My goal today is to try to convince you to start making your own coleslaw at home and never buy the "creamy" storebought kind ever again.  It is not cream, you know.  It is some kind of mayonnaise-like salad dressing with oil and sugar and salt and a bunch of other stuff.  The recipe I am about to give you also has oil and sugar and salt and a bunch of other stuff -- but you will know exactly what is in the salad.

If you try this recipe you will end up with over two pounds of delicious and nutritious cole slaw.  It will keep for about a week just fine, if you can keep it around that long.  You can eat this as a side dish or put it on sandwiches.  You can stir fry a little meat, remove from heat and mix in some coleslaw and throw it on top of some cooked rice noodles and you will have a lovely dish that is crunchy and chewy and warm and cool and acidic and sweet all at the same time.  Add a few chopped peanuts and cilantro and a squeeze of lime and squirt of hot pepper sauce if you want to gild the lily.

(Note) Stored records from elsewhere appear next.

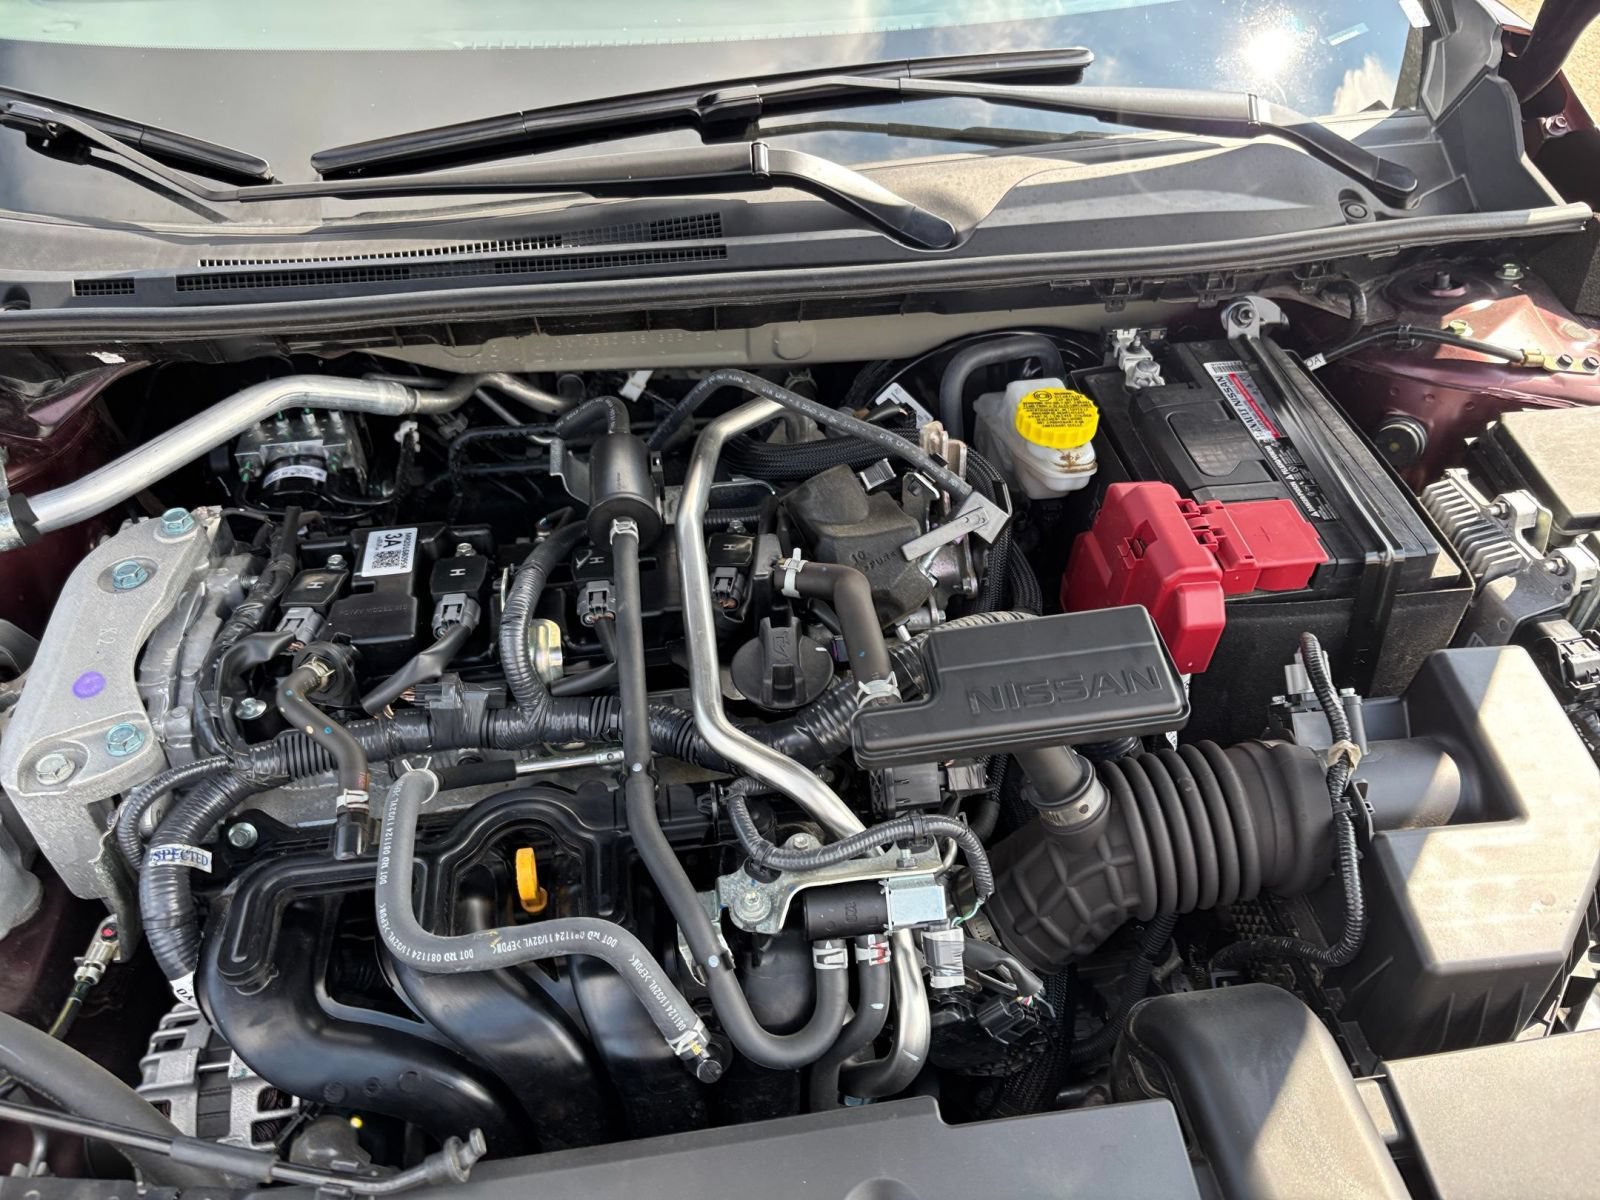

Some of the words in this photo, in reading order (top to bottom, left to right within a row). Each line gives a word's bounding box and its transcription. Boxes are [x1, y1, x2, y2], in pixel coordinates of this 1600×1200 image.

[1216, 375, 1243, 407] NISSAN
[383, 533, 403, 548] 3A
[967, 665, 1164, 715] NISSAN
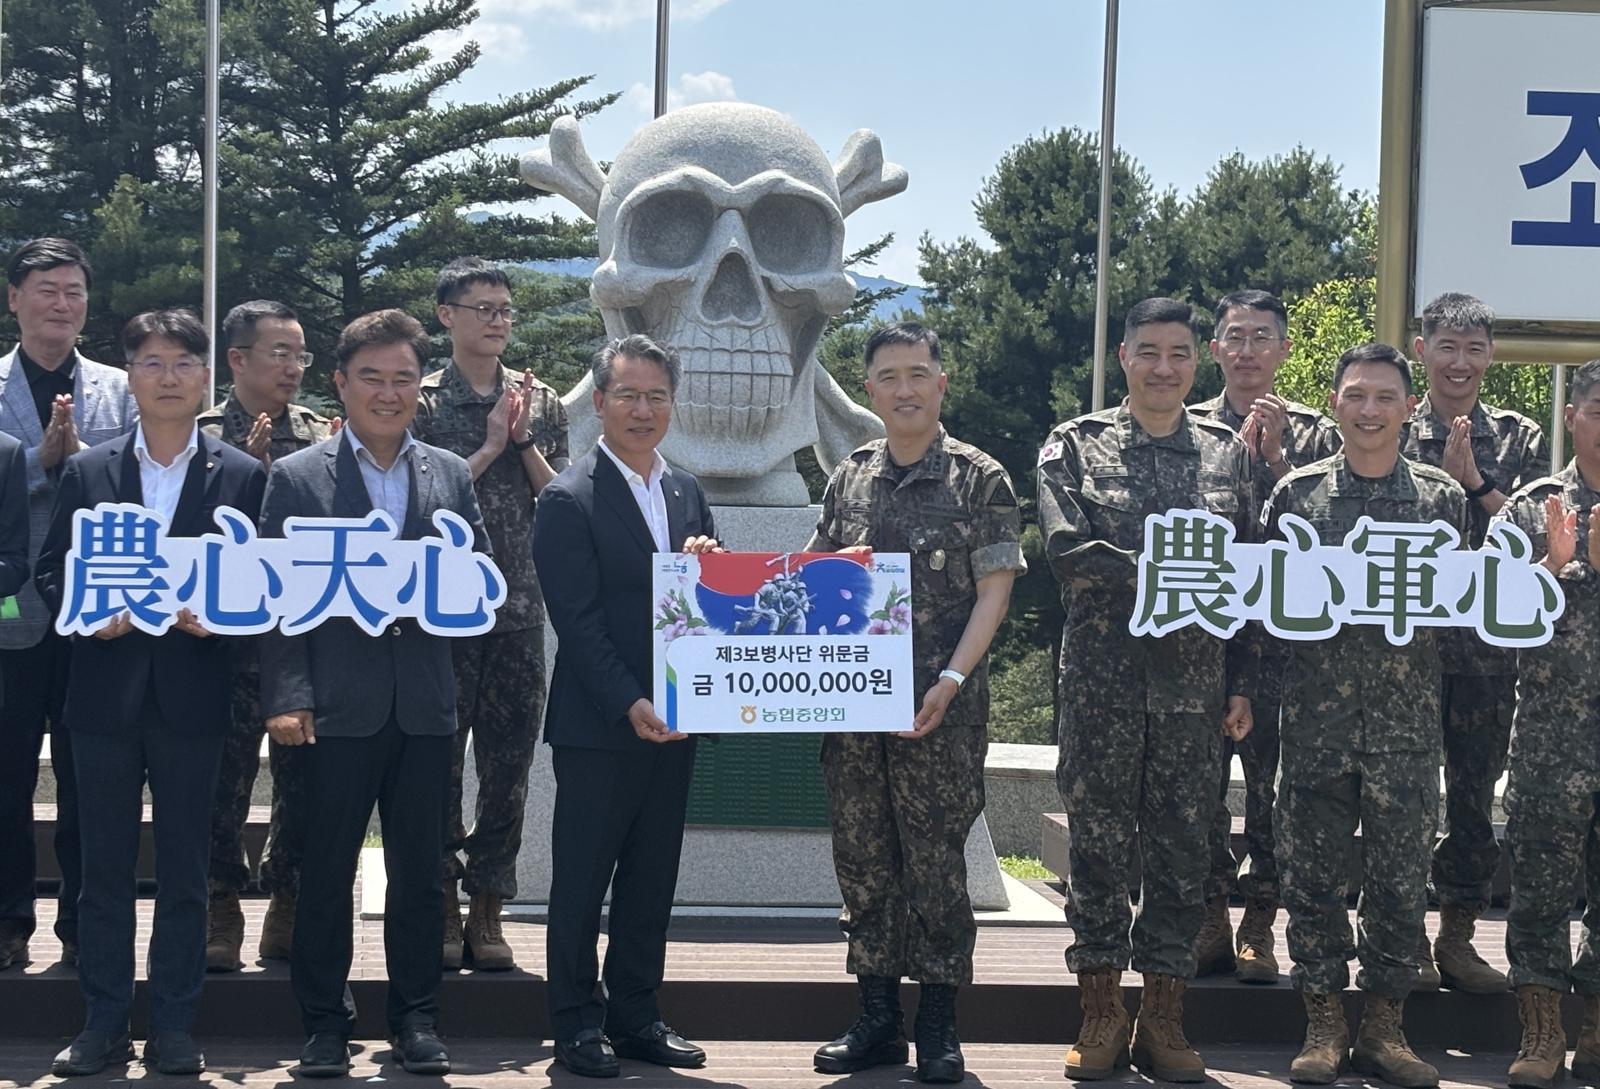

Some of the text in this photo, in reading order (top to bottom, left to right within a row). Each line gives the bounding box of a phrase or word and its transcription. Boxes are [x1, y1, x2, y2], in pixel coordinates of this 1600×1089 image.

[63, 511, 501, 629] 農心天心
[1136, 514, 1558, 639] 農心軍心
[715, 645, 870, 663] 제3보병사단 위문금
[692, 669, 893, 697] 금 10,000,000원
[762, 707, 845, 723] 농협중앙회

If you develop a homemade coleslaw habit you might help increase our nation's per capita consumption of fresh cabbage.  In the 1920's we were chowing down about 22 pounds of fresh cabbage per person per year.  By 2003 we were down to 7.5 pounds, despite all the coleslaw we were eating.

Basic NOT Creamy Coleslaw - this will make twelve generous and beautiful servings
It took me 7 minutes to slice the cabbage and 15 minutes to make the entire batch of coleslaw.  This does not count the 2 minutes or so I spent setting out all the ingredients.  You will save a lot of money if you make this with fresh CSA or other homegrown vegetables instead of buying pre-made coleslaw at the store.  You will also be healthier.

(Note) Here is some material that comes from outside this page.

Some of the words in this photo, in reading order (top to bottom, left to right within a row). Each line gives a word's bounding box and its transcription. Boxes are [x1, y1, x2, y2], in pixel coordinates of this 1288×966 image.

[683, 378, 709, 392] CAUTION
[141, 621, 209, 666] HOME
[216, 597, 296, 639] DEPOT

2 pounds cored and thinly sliced red or green cabbage or a combination - this much cabbage will yield about 12 cups, lightly packed  This is what two pounds of cabbage looks like
1 or 2 carrots, shredded
1 T. onion, finely minced or grated

Mix together in a small bowl: 1/2 c. cider vinegar, 1/4 c. sugar, 1 1/2 t. Dijon mustard,  1
T. vegetable oil, 1 t. celery seed, 1/2 t. salt, 1/4 t. black pepper

1 comment:

  1. Your blog, still a go-to resource. I made a Vietnamese chicken salad and had some cabbage left over. Since I ate the chicken salad 3 days in a row I though, "I'll go to Peggy for a new flavor for the rest of this awesome cabbage." And, of course, you don't disappoint. I'll be making this tonight.